Comparison of DNN, LR, k-NN, RF, and SVM: The figure compares the five ML techniques used in the study and illustrated as conceptual drawings with optimal parameters used in the study serving as examples. Red circles indicate acute kidney injury (AKI) patients, black circles indicate non-AKI patients, and grey circles indicate unclassified patients. At the top, is LR. Middle row from left to right is k-NN, RF, and SVM respectively. The bottom row illustrates a DNN where each patient (Pt#) data matrix containing various combinations of biomarkers and their respective levels (white: none, grey: low, black: high) are processed by hidden layers for classification as having AKI or no AKI.

Cross validation studies

Cross validation studies were also performed for LR, RF, k-NN, SVM, and DNN methods using the Scikit-learn cross validation grid search tool. This technique along with the grid search hyperparameter variations (noted above) enabled us to build and compare unique models to yield a total of 68,100 ML models within our five ML methods/algorithms and our unique categories. Using this approach, we were able to empirically assess and compare the performance of all these models which ultimately lead to identifying the best performing ML models with a unique set of hyperparameters within each ML method and feature set combinations.

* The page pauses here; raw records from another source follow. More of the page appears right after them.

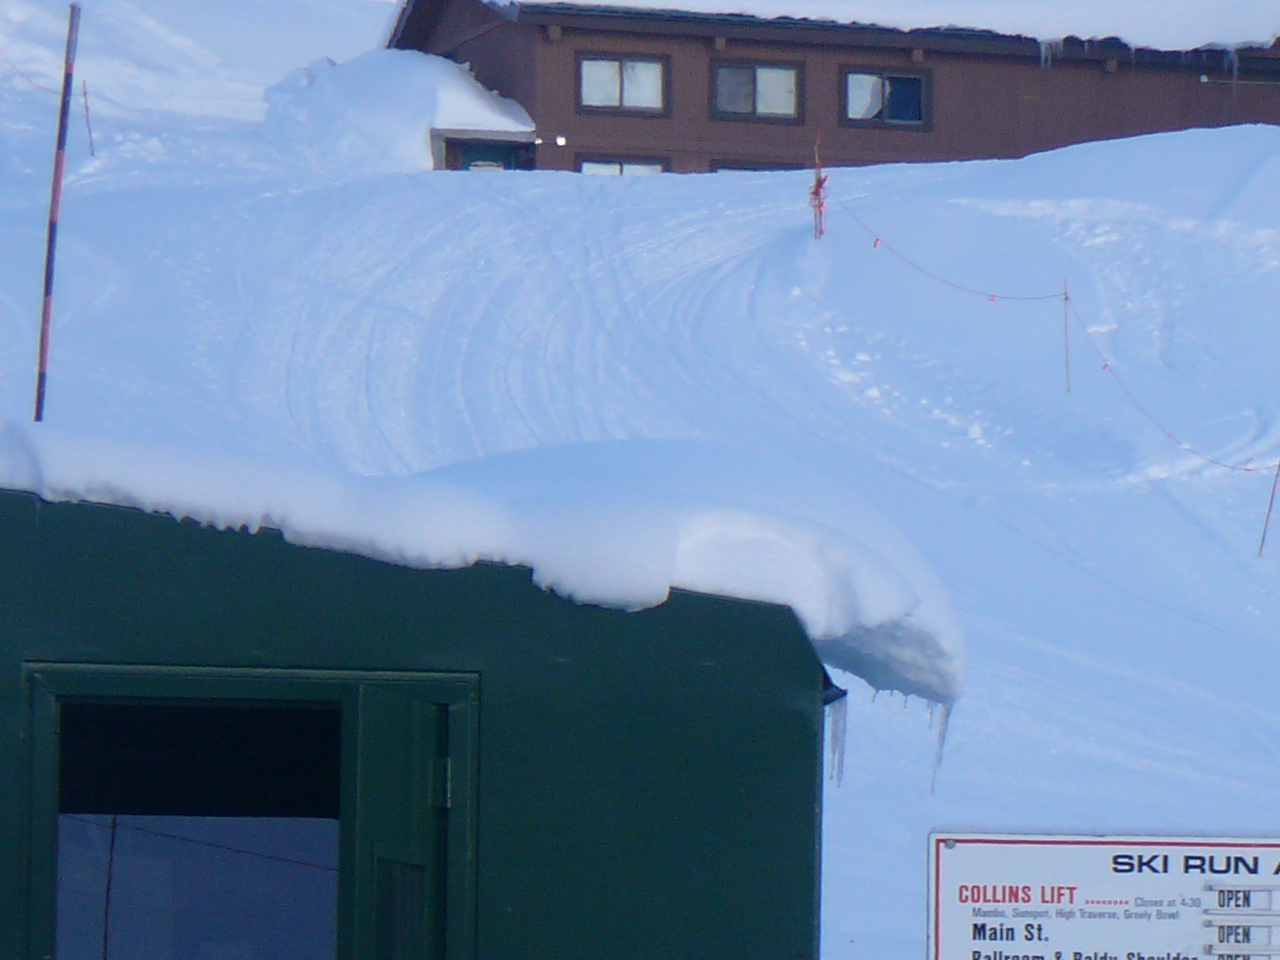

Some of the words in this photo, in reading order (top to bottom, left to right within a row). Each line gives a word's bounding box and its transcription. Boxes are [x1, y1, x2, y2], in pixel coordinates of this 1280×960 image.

[1112, 854, 1169, 874] SKI
[1183, 856, 1259, 874] RUN
[959, 885, 1031, 903] COLLINS
[1041, 886, 1077, 904] LIFT
[1218, 890, 1251, 908] OPEN
[972, 924, 1015, 941] Main
[1024, 924, 1049, 941] St.
[1218, 926, 1251, 943] OPEN

The mean accuracy for each set of these models were then analyzed.

Statistical analysis

JMP software (SAS Institute, Cary, NC) was used for statistical analysis. Describe statistics were calculated for patient demographics. The Shapiro-Wilkes test and histogram analysis were used to determine normality. Continuous normally distributed variables were compared using means (standard deviation [SD]) using the 2-sample t-test, while discrete variables were compared using the non-parametric Chi-square test. Non-parametric continuous data compared using medians (interquartile range [IQR]), when appropriate, were analyzed using the Mann-Whitney U test. Multivariate logistic regression was used to determine predictors of AKI with age and burn size serving as covariates. Repeated measures analysis of variance was used for time series data. A p-value < 0.05 was considered statistically significant with receiver operator characteristic (ROC) analysis also performed to compare AKI biomarker performance.

Results

Patient demographics and biomarker comparisons between study cohorts (A vs. B, AKI vs. non-AKI, and burned vs. non-burned groups) are shown in Table 1. Briefly, 50% of patients (25/50) in Cohort A experienced AKI within the first week of hospital stay as shown previously. Five patients experienced fluid overload manifested as compartment syndrome. Again, Cohort A served as the dataset for our training phase and initial validation testing. In contrast, in our Cohort B 21.6% (11/51) of the patients experienced AKI within the same timeframe. Eight patients experienced over-resuscitation presenting with compartment syndrome (n = 2), pulmonary edema (n = 2), or both compartment syndrome and pulmonary edema (n = 4). Leveraging both some population similarities and differences, Cohort B was used as our secondary testing dataset to assess the generalizability of the models generated from cohort A. The mean (standard deviation [SD]) time for patients to meet KDIGO AKI criteria was 42.7 (23.2) hours for Cohort A and 71.5 (39.5) hours for Cohort B.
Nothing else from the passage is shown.